Image-backed grounding data
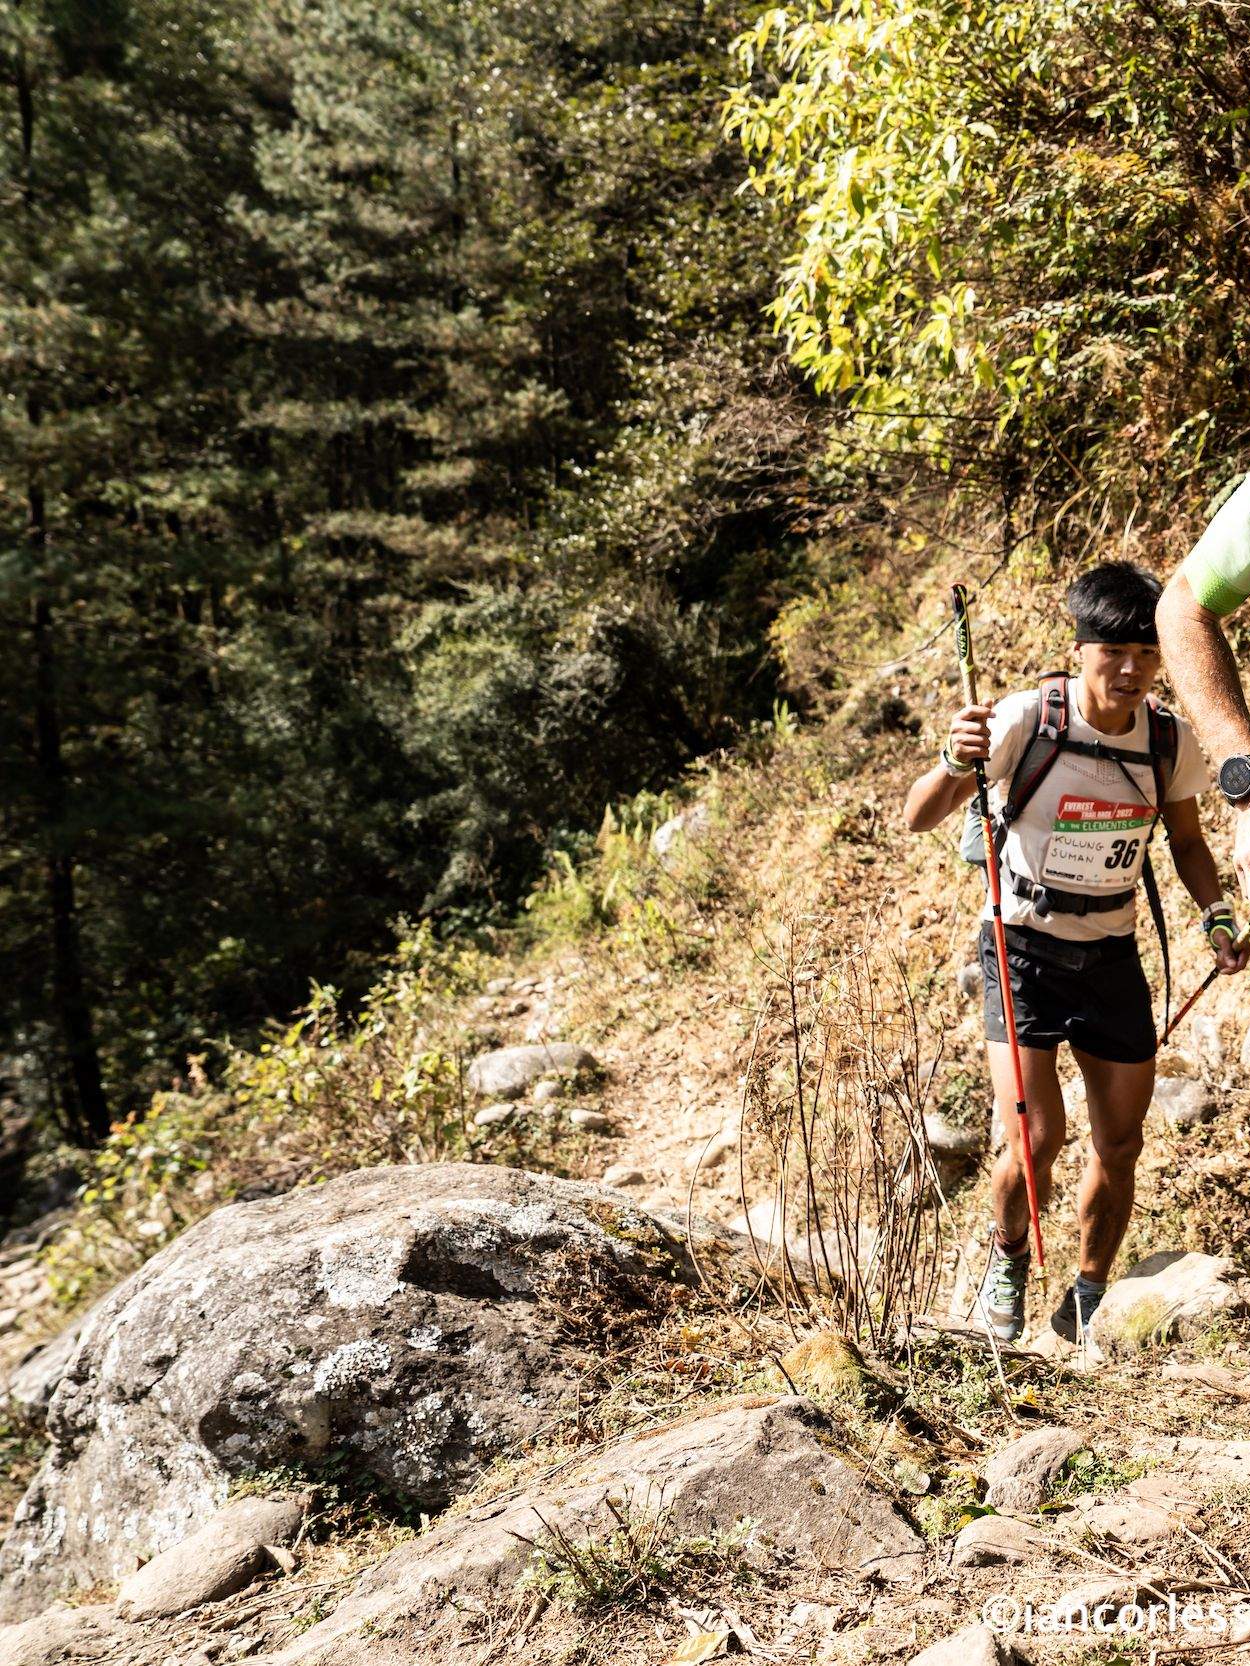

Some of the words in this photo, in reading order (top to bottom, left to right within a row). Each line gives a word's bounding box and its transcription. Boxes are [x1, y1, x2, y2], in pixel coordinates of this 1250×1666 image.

[1064, 801, 1095, 811] EVEREST
[1082, 820, 1127, 832] ELEMENTS
[1055, 835, 1105, 852] KULUNG
[1051, 847, 1094, 863] SUMAN
[1104, 838, 1140, 869] 36
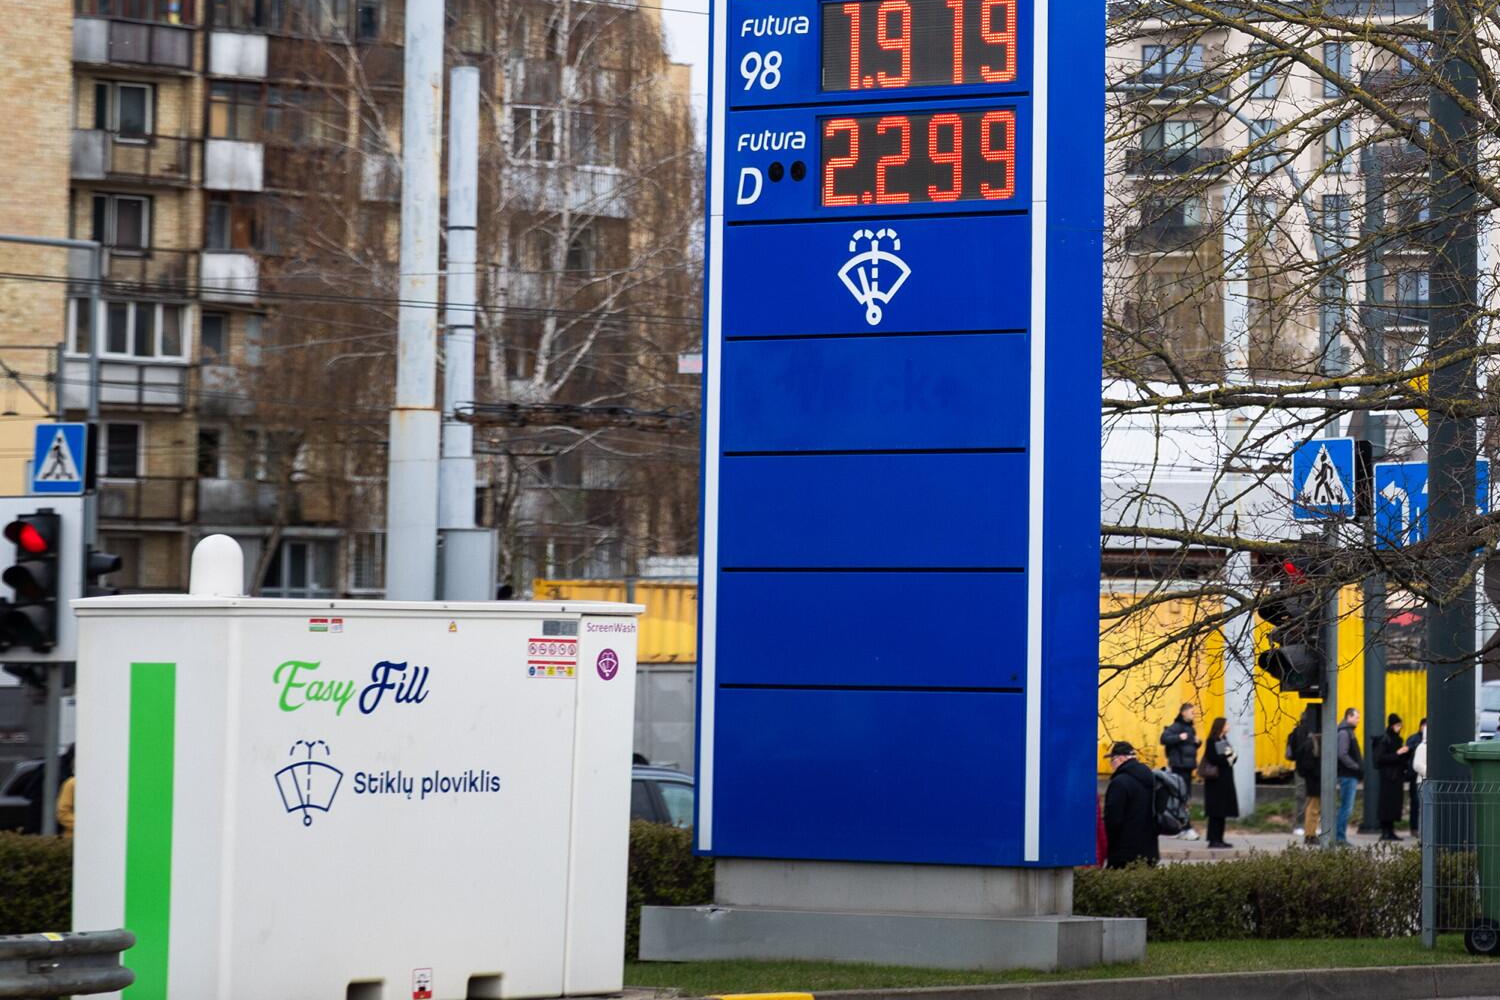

ABOUT THIS EXERCISE
Apart from the pictures, every line above must be printed exactly.

ANSWER TO THE PROBLEM
Some of the words in this photo, in reading order (top to bottom, left to right within a row). Each line gives a word's bounding box and its transcription. Boxes are [x1, y1, x2, y2], in pixel coordinates of this 1250×1666 image.

[1064, 801, 1095, 811] EVEREST
[1082, 820, 1127, 832] ELEMENTS
[1055, 835, 1105, 852] KULUNG
[1051, 847, 1094, 863] SUMAN
[1104, 838, 1140, 869] 36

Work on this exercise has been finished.